A las dos y media, los niños se despertaron y Will les puso la chaqueta de abrigo y los envió fuera a jugar, esperando fervientemente que no volvieran a entrar hasta que se pusiera el sol.
– Creo que ahora me gustaría echarme -anunció Elly en voz baja poco después de las tres-. Trae los tirantes, cariño.
Una vez en el dormitorio, se acostó en la cama con un suspiro.
– Átalos al pie de la cama, tan separados como mis rodillas.
Se le hizo un nudo en el estómago, tuvo la impresión de que las glándulas salivales le hacían horas extra y se notó las manos torpes. Cuando los tirantes de cuero estuvieron atados, de modo que podía poner las piernas en ellos, le recordaron las sujeciones de una cámara de tortura medieval. Pensaba en lo horrorosos que eran mientras esperaba una nueva contracción de Elly. Y cuando llegó, fue como si los afectara a ambos. Sorprendido, Will sintió, por simpatía, una punzada de dolor que le bajaba por los muslos desde la entrepierna, como a Elly. Fue una contracción fuerte, y larga, que duró casi un minuto, muy superior a las anteriores.
– Lávate de nuevo las manos, Will -susurró Elly tras descansar un momento, jadeando, una vez hubo terminado-. Y córtate bien las uñas. Ya no falta mucho.
¿Que se cortara las uñas? No preguntó por qué. Temía saberlo. Si había problemas, tendría que ayudarla por dentro.
Se frotó los nudillos hasta que le dolieron y se cortó las uñas todo lo que pudo con las tijeras esterilizadas, reprimiendo su pánico. Por Dios, ¿por qué no había actuado en contra de la voluntad de Elly y había ido al pueblo a buscar al médico en cuanto había tenido la primera contracción? ¿Y si el bebé tenía el cordón umbilical enrollado alrededor del cuello? ¿Y si Elly tenía una hemorragia? ¿Y si los niños entraban en pleno parto?
Como si pensar en ellos los hubiera conjurado, los dos entraron en la cocina llamando a su madre.
Will salió del dormitorio para detenerlos, y se manchó las manos esterilizadas cuando las puso en el pecho de Donald Wade y de Thomas para impedirles que se dirigieran directamente a la puerta cerrada de la habitación de su madre.
– ¡Quietos ahí, vaqueros! -Puso una rodilla en el suelo y los acercó a él.
– ¡Tenemos que enseñarle una cosa a mamá! -soltó Donald Wade, que llevaba un nido de pájaro en las manos.
– Tu mamá está descansando.
– ¡Pero mira lo que hemos encontrado! -insistió Donald Wade intentando avanzar hacia la puerta. Will le sujetó el brazo.

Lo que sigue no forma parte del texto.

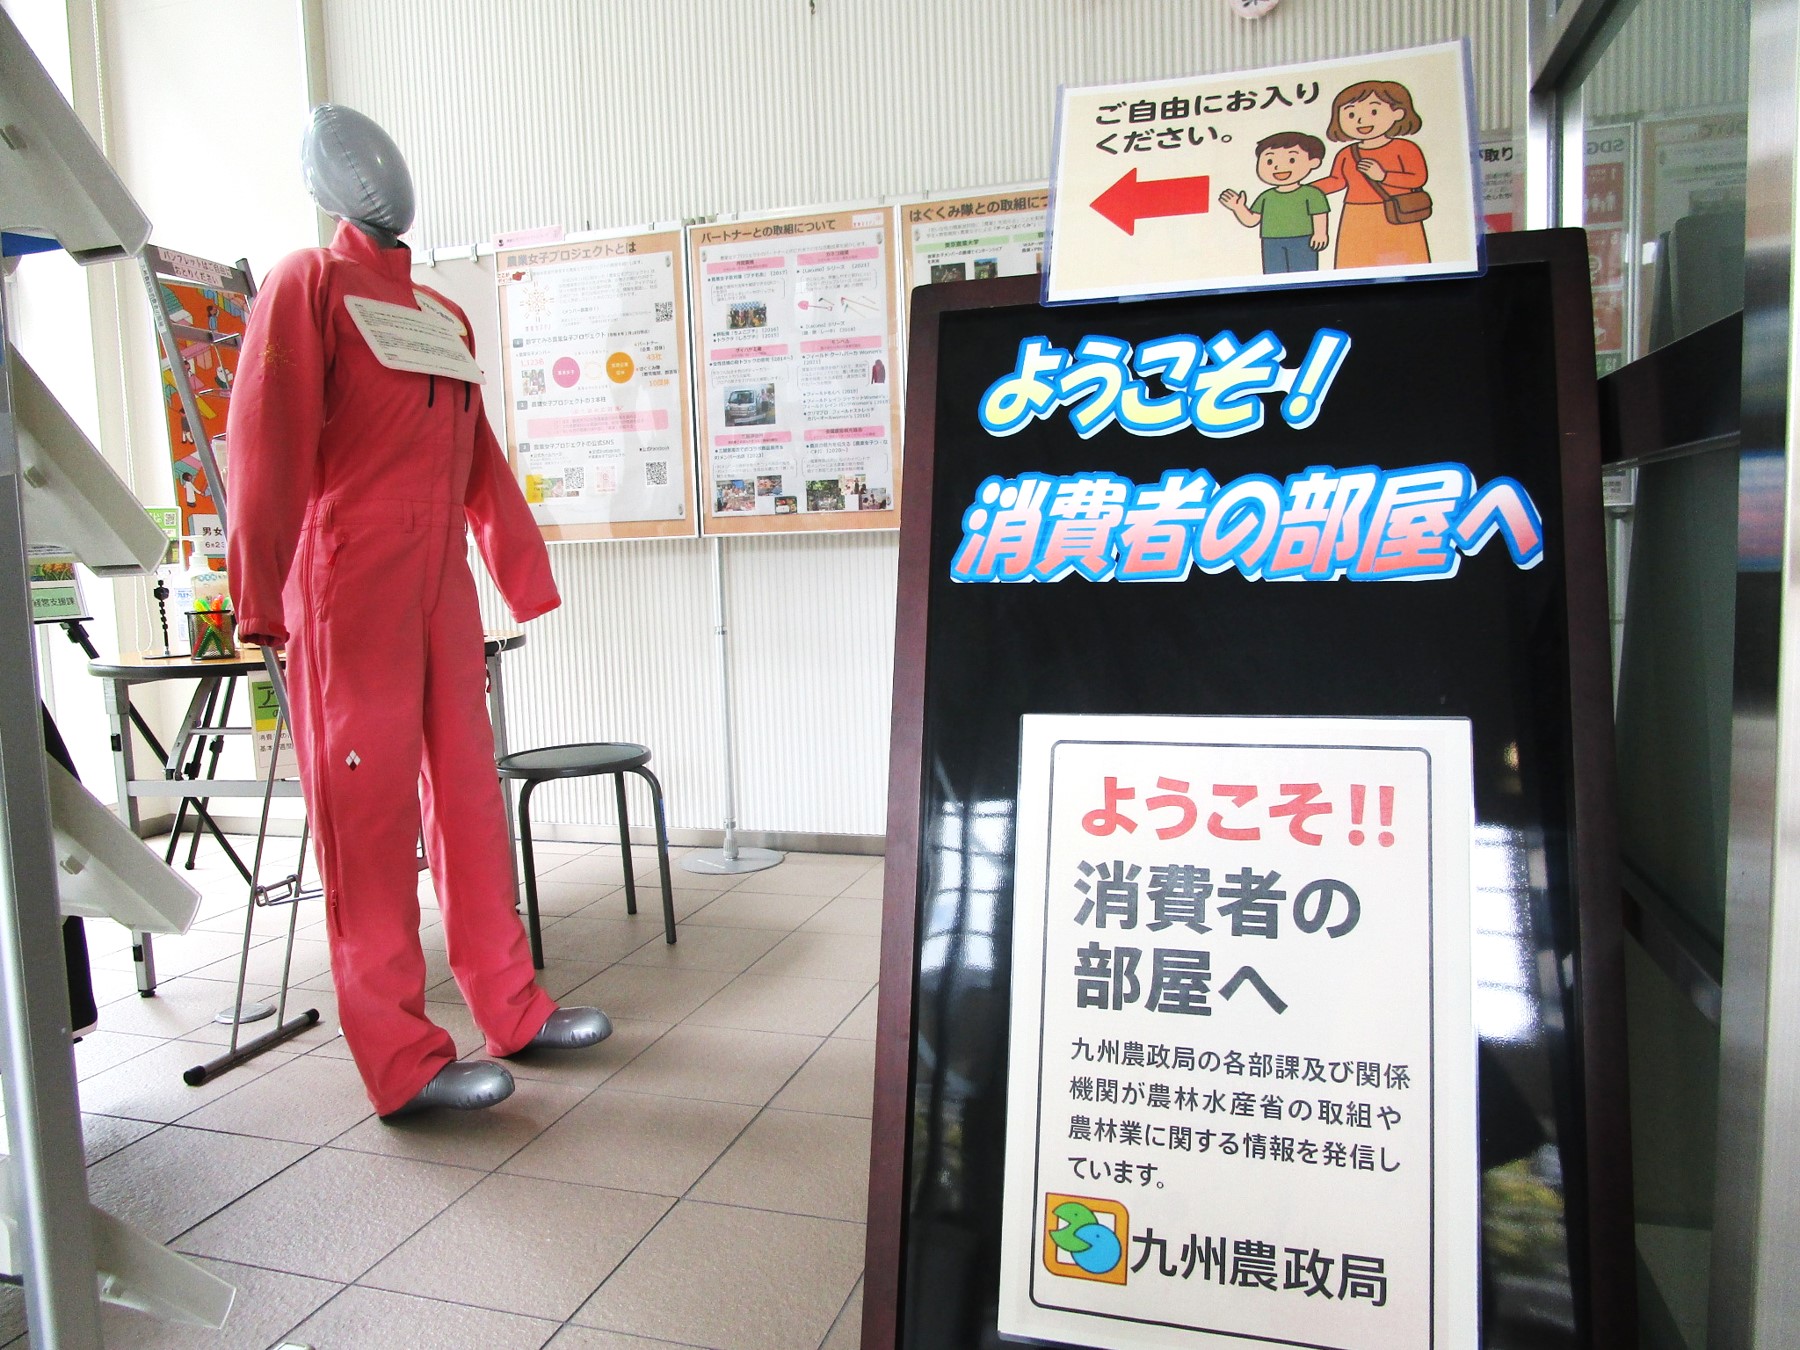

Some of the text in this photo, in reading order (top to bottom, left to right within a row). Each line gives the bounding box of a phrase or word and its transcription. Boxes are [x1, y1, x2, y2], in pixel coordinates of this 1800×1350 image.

– ¿Os acordáis de cuando vuestra mamá os contó que un día el bebé iba a ir a parar al cesto? -Los dos pequeños dejaron de forcejear y miraron a Will con una curiosidad inocente-. Bueno, pues el bebé nacerá muy pronto, y vuestra madre no se sentirá muy bien mientras eso suceda, pero es igual que cuando nacisteis vosotros, de modo que no tenéis por qué asustaros, ¿entendido? -dijo, y tras pellizcarles con suavidad el cuello, añadió-: Ahora tenéis que portaros bien. Donald Wade, toma unas cuantas galletas y lleva a tu hermano fuera, y no volváis a entrar hasta que os llame, ¿de acuerdo?
– Pero…
– Escucha, no tengo tiempo para discutir porque vuestra mamá me necesita. Pero si haces lo que te pido, os llevaré al cine muy pronto. ¿Trato hecho? -Donald Wade vaciló. Miró primero a Will y, después, la puerta cerrada.
– ¿A ver a Hopalong Cassidy?
– Faltaría más. Venga, salid -ordenó con un empujoncito para dirigirlos hacia la cocina y el bote de las galletas.
En cuanto estuvieron fuera, volvió a lavarse las manos, regresó corriendo al dormitorio, movió la puerta con la bota y la cerró del todo con un hombro.